Достаточно самого общего анализа метафизической мысли о «границах познания», проходящей красной нитью по всей знаменитой книге Ланге и так часто повторяющейся современными учеными, чтобы немедленно признать ее бессмысленной фразой. «Нельзя понять атомов, нельзя объяснить сознания». Но ведь весь мир состоит из атомов и сознания, из материи и духа. Если и то и другое непонятно, то что же остается тогда рассудку понимать и объяснять? Ланге прав: собственно ничего. Ведь наше понимание, как сказано, вовсе не понимание, а только суррогат. Может быть, и те серые животные, которых обыкновенно называют ослами, лишь суррогаты ослов, а настоящих ослов нужно искать среди более высоко организованных существ. Я уже раньше охарактеризовал умозрительную философию как науку, которая в поисках истины лезет на стену. Если перестают доверять языку и обвинять его в том, что он дал неверные названия вещам, то это, разумеется, ясный признак того, что начался бред. Так во втором томе «Истории материализма» (стр. 99) мы читаем: «Следует ли нам- определить понятие истины, добра, действительности и пр. так, чтобы называть этими именами лишь то, что истина, добро или действительность для человека, или же мы должны вообразить, что то, что человек признает таким, таково и для всех мыслящих существ в настоящем и будущем?»
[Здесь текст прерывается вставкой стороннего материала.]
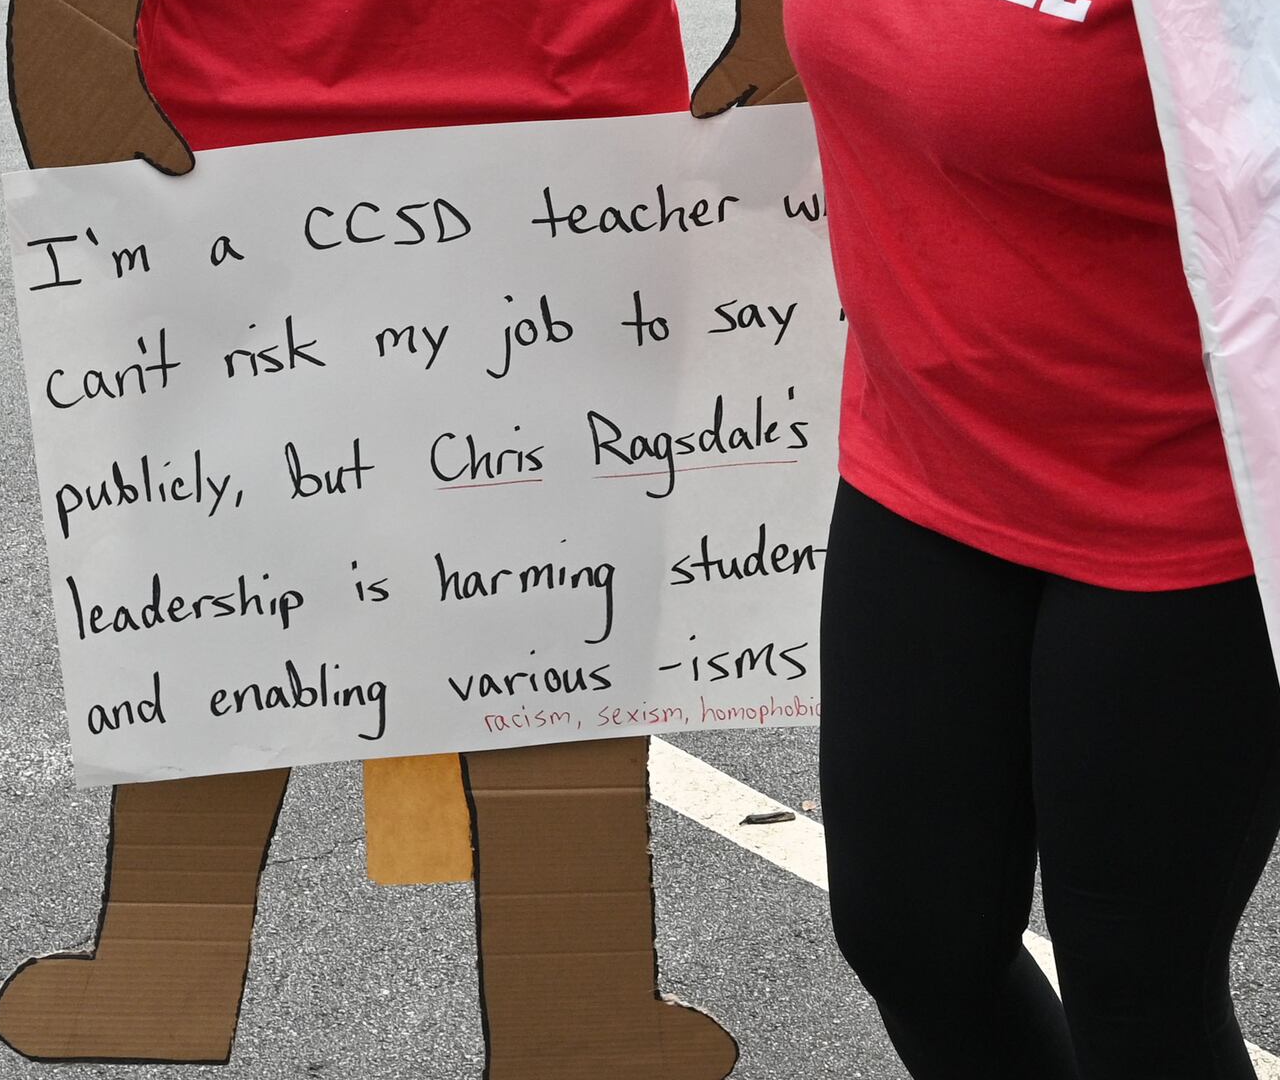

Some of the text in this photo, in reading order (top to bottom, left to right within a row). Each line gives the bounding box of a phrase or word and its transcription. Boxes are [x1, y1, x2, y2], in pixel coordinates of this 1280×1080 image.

На это мы отвечаем коротко и ясно: насколько верно, что истинная глупость есть то, что общепринято называть глупостью, настолько же странно воображать себе, что доброе, истинное, Действительное или мыслящее существо где-нибудь могло быть создано иначе, чем в том виде, какому наш обычный язык дал имя доброго, истинного, действительного или мыслящего существа. И метафизическая вода должна быть непременно мокрой, ибо к тому, что не мокро, не подходит и наименование воды.

==144

И. ДИЦГЕН

Мы, конечно, не знаем, сколько неизвестных сортов деревьев будет найдено в Центральной Африке, но одно мы знаем с кантовской аподиктической достоверностью, что доски, вырезанные из дерева, росло ли последнее на Марсе или на Юпитере, не выглядят и не могут быть такого же состава и вкуса, как говядина. Да простят мне эту грубую иллюстрацию, но когда метафизика начинает вносить путаницу в разговорную речь, то невольно становишься раздражительным.

Наш опыт, наши наблюдения или «явления» классифицируются мыслью и языком и получают наименования. Пока изменения несущественны, т. е. пока течение природы не выходит за пределы границ, как они установлены понятиями и языком, все остается по-старому. Но если бы случайно изменения или явления вышли за эти границы и истина, добро, мыслящее существо, доски, говядина или познание оказались бы существенно иными, то тут они превратились бы в другие вещи, и нам понадобились бы другие термины для их обозначения.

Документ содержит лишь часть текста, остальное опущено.